##### TASK INPUTS

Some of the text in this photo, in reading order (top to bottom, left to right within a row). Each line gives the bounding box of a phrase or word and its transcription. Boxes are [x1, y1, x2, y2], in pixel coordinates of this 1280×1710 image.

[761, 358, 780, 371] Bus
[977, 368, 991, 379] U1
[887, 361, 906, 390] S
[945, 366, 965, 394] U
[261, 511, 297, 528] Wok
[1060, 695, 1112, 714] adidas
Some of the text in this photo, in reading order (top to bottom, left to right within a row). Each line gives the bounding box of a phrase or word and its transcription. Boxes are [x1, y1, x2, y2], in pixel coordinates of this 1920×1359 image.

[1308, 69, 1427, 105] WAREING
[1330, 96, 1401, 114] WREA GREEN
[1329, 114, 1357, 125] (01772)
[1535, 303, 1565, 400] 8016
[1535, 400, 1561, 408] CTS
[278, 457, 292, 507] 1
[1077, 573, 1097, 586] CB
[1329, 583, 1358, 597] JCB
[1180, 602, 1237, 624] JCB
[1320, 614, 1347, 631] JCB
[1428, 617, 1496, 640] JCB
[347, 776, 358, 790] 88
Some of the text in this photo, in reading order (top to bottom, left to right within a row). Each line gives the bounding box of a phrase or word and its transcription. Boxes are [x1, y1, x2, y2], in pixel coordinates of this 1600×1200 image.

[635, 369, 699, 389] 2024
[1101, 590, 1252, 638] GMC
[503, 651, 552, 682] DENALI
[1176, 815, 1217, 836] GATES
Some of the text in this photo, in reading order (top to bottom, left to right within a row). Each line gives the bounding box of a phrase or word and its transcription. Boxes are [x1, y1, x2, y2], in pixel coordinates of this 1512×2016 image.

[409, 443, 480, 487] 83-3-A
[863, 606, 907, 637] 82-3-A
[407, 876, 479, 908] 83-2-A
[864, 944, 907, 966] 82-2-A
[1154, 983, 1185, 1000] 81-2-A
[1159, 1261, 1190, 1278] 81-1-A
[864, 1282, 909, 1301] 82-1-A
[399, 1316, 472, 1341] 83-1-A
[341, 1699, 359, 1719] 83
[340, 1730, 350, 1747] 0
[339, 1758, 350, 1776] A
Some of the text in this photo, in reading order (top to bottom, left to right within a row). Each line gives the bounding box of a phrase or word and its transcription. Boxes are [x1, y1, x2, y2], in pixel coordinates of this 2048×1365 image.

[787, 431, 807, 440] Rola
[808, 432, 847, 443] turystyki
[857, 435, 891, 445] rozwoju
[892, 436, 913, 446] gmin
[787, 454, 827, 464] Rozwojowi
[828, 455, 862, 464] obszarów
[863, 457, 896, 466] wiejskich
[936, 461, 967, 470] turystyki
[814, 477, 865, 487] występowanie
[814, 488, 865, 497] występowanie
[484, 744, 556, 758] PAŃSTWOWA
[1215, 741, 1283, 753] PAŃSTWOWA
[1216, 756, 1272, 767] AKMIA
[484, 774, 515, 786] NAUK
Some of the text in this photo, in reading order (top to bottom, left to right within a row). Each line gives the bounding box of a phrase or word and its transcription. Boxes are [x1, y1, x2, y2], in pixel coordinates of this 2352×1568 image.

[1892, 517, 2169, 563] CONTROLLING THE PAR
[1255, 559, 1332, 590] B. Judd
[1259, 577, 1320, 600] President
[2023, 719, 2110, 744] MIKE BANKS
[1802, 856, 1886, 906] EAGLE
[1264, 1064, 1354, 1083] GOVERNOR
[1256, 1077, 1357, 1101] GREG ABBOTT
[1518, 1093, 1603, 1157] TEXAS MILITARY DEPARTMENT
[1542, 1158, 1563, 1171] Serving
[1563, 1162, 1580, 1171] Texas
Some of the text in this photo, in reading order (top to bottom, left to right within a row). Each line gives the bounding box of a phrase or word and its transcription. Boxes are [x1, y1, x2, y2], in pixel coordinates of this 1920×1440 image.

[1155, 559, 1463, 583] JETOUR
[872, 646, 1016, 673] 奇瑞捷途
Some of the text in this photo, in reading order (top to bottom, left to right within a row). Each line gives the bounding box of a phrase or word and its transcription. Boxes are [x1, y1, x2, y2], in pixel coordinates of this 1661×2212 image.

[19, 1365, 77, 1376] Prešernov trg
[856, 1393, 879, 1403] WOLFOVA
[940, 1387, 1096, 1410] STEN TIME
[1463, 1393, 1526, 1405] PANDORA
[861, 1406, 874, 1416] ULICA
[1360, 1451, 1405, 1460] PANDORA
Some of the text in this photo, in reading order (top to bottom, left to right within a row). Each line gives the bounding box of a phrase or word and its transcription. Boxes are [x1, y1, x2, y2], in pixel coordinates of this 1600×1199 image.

##########

AIM OF THE EXERCISE:
Reproduce the listing in full. Keep it exactly as written.

TASK ANSWER:
Some of the text in this photo, in reading order (top to bottom, left to right within a row). Each line gives the bounding box of a phrase or word and its transcription. Boxes are [x1, y1, x2, y2], in pixel coordinates of this 1280×1710 image.

[761, 358, 780, 371] Bus
[977, 368, 991, 379] U1
[887, 361, 906, 390] S
[945, 366, 965, 394] U
[261, 511, 297, 528] Wok
[1060, 695, 1112, 714] adidas
Some of the text in this photo, in reading order (top to bottom, left to right within a row). Each line gives the bounding box of a phrase or word and its transcription. Boxes are [x1, y1, x2, y2], in pixel coordinates of this 1920×1359 image.

[1308, 69, 1427, 105] WAREING
[1330, 96, 1401, 114] WREA GREEN
[1329, 114, 1357, 125] (01772)
[1535, 303, 1565, 400] 8016
[1535, 400, 1561, 408] CTS
[278, 457, 292, 507] 1
[1077, 573, 1097, 586] CB
[1329, 583, 1358, 597] JCB
[1180, 602, 1237, 624] JCB
[1320, 614, 1347, 631] JCB
[1428, 617, 1496, 640] JCB
[347, 776, 358, 790] 88
Some of the text in this photo, in reading order (top to bottom, left to right within a row). Each line gives the bounding box of a phrase or word and its transcription. Boxes are [x1, y1, x2, y2], in pixel coordinates of this 1600×1200 image.

[635, 369, 699, 389] 2024
[1101, 590, 1252, 638] GMC
[503, 651, 552, 682] DENALI
[1176, 815, 1217, 836] GATES
Some of the text in this photo, in reading order (top to bottom, left to right within a row). Each line gives the bounding box of a phrase or word and its transcription. Boxes are [x1, y1, x2, y2], in pixel coordinates of this 1512×2016 image.

[409, 443, 480, 487] 83-3-A
[863, 606, 907, 637] 82-3-A
[407, 876, 479, 908] 83-2-A
[864, 944, 907, 966] 82-2-A
[1154, 983, 1185, 1000] 81-2-A
[1159, 1261, 1190, 1278] 81-1-A
[864, 1282, 909, 1301] 82-1-A
[399, 1316, 472, 1341] 83-1-A
[341, 1699, 359, 1719] 83
[340, 1730, 350, 1747] 0
[339, 1758, 350, 1776] A
Some of the text in this photo, in reading order (top to bottom, left to right within a row). Each line gives the bounding box of a phrase or word and its transcription. Boxes are [x1, y1, x2, y2], in pixel coordinates of this 2048×1365 image.

[787, 431, 807, 440] Rola
[808, 432, 847, 443] turystyki
[857, 435, 891, 445] rozwoju
[892, 436, 913, 446] gmin
[787, 454, 827, 464] Rozwojowi
[828, 455, 862, 464] obszarów
[863, 457, 896, 466] wiejskich
[936, 461, 967, 470] turystyki
[814, 477, 865, 487] występowanie
[814, 488, 865, 497] występowanie
[484, 744, 556, 758] PAŃSTWOWA
[1215, 741, 1283, 753] PAŃSTWOWA
[1216, 756, 1272, 767] AKMIA
[484, 774, 515, 786] NAUK
Some of the text in this photo, in reading order (top to bottom, left to right within a row). Each line gives the bounding box of a phrase or word and its transcription. Boxes are [x1, y1, x2, y2], in pixel coordinates of this 2352×1568 image.

[1892, 517, 2169, 563] CONTROLLING THE PAR
[1255, 559, 1332, 590] B. Judd
[1259, 577, 1320, 600] President
[2023, 719, 2110, 744] MIKE BANKS
[1802, 856, 1886, 906] EAGLE
[1264, 1064, 1354, 1083] GOVERNOR
[1256, 1077, 1357, 1101] GREG ABBOTT
[1518, 1093, 1603, 1157] TEXAS MILITARY DEPARTMENT
[1542, 1158, 1563, 1171] Serving
[1563, 1162, 1580, 1171] Texas
Some of the text in this photo, in reading order (top to bottom, left to right within a row). Each line gives the bounding box of a phrase or word and its transcription. Boxes are [x1, y1, x2, y2], in pixel coordinates of this 1920×1440 image.

[1155, 559, 1463, 583] JETOUR
[872, 646, 1016, 673] 奇瑞捷途
Some of the text in this photo, in reading order (top to bottom, left to right within a row). Each line gives the bounding box of a phrase or word and its transcription. Boxes are [x1, y1, x2, y2], in pixel coordinates of this 1661×2212 image.

[19, 1365, 77, 1376] Prešernov trg
[856, 1393, 879, 1403] WOLFOVA
[940, 1387, 1096, 1410] STEN TIME
[1463, 1393, 1526, 1405] PANDORA
[861, 1406, 874, 1416] ULICA
[1360, 1451, 1405, 1460] PANDORA
Some of the text in this photo, in reading order (top to bottom, left to right within a row). Each line gives the bounding box of a phrase or word and its transcription. Boxes are [x1, y1, x2, y2], in pixel coordinates of this 1600×1199 image.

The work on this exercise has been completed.